Memoir by Margaret Thatcher

The Path to Power is a memoir by former prime minister of the United Kingdom Margaret Thatcher, covering her life from her birth in 1925 until she became prime minister in 1979.

==History==

Most of the book covers her life up until her election victory in 1979, but she added on about 150 pages at the end giving her opinions on current affairs on the years since she resigned as prime minister in 1990. Although Thatcher avoided personal attacks on her successor John Major, she clearly believed that he had squandered her legacy and was pursuing un-Thatcherite policies. The book was serialised in The Sunday Times where the apparent attacks on the Major government were sensationalised.

==Reception==

In interviews to promote the book, Thatcher claimed that the Conservatives had lost their way because they were "not being Conservative enough". In the book Thatcher wrote that: "I offer some thoughts about putting these things right. It is now, however, for others to take the action required". These words—similar to those used by Geoffrey Howe in 1990 which had precipitated her downfall—led to Major on 22 June resigning as Conservative leader and calling a leadership election. John Redwood stood against Major. Thatcher was in America at the time of the first ballot and she remained neutral, claiming that both Major and Redwood were "good Conservatives".
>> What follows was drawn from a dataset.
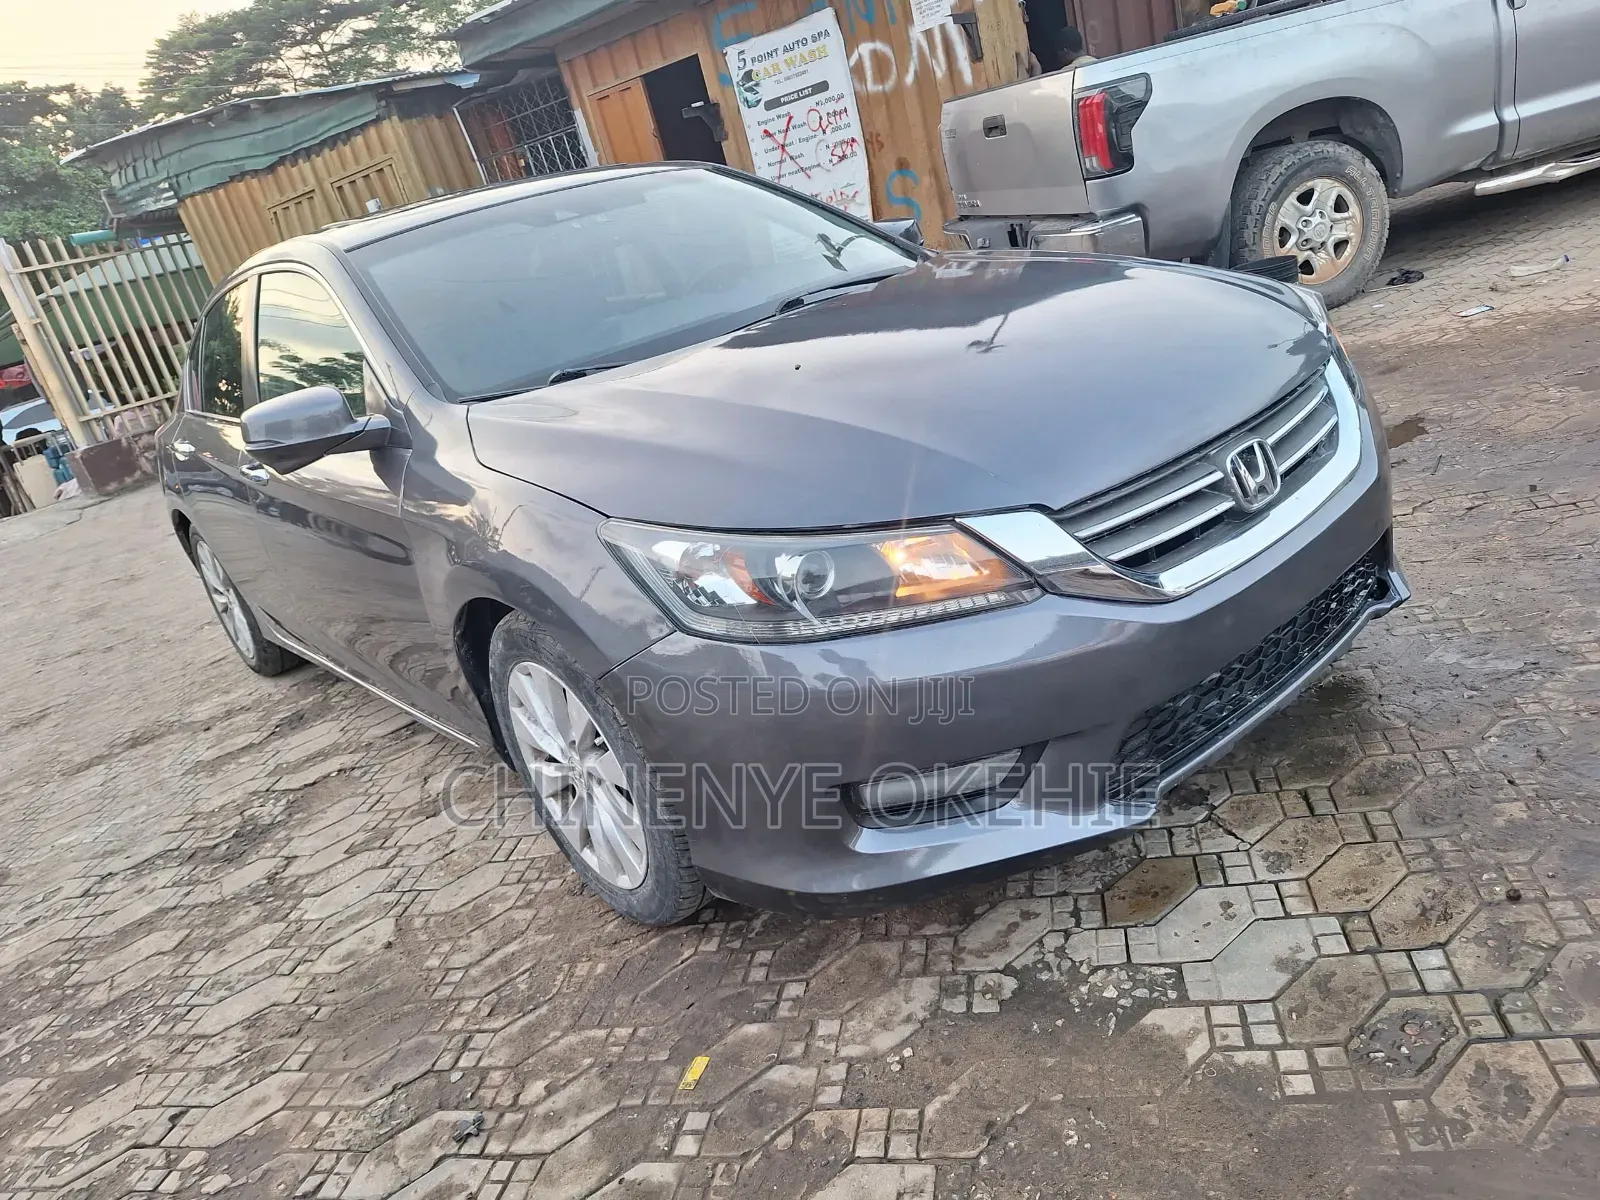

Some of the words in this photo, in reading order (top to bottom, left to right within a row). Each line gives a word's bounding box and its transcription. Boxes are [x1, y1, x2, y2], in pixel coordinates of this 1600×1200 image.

Talking to her close friend Woodrow Wyatt on 22 May 1995, Thatcher said to him that the Sunday Times "distorted what I wrote" and that her line about policies being carried out by others meant not replacing Major but the whole Western world, the Council of Europe, etc. Later that day, Major said to Wyatt: "I'm bloody angry and I'm going to give her a hell of an attack and go for her". In his memoirs, Major wrote: "Her descriptions of a Grantham childhood were harmless enough, but the book contained an epilogue, unrelated to the title or scope of the book itself, which could only be interpreted as an attack on my own policies. Such blows from my predecessor were impossible to disregard, since every interviewer raised them with me at every opportunity, as she must have known they would".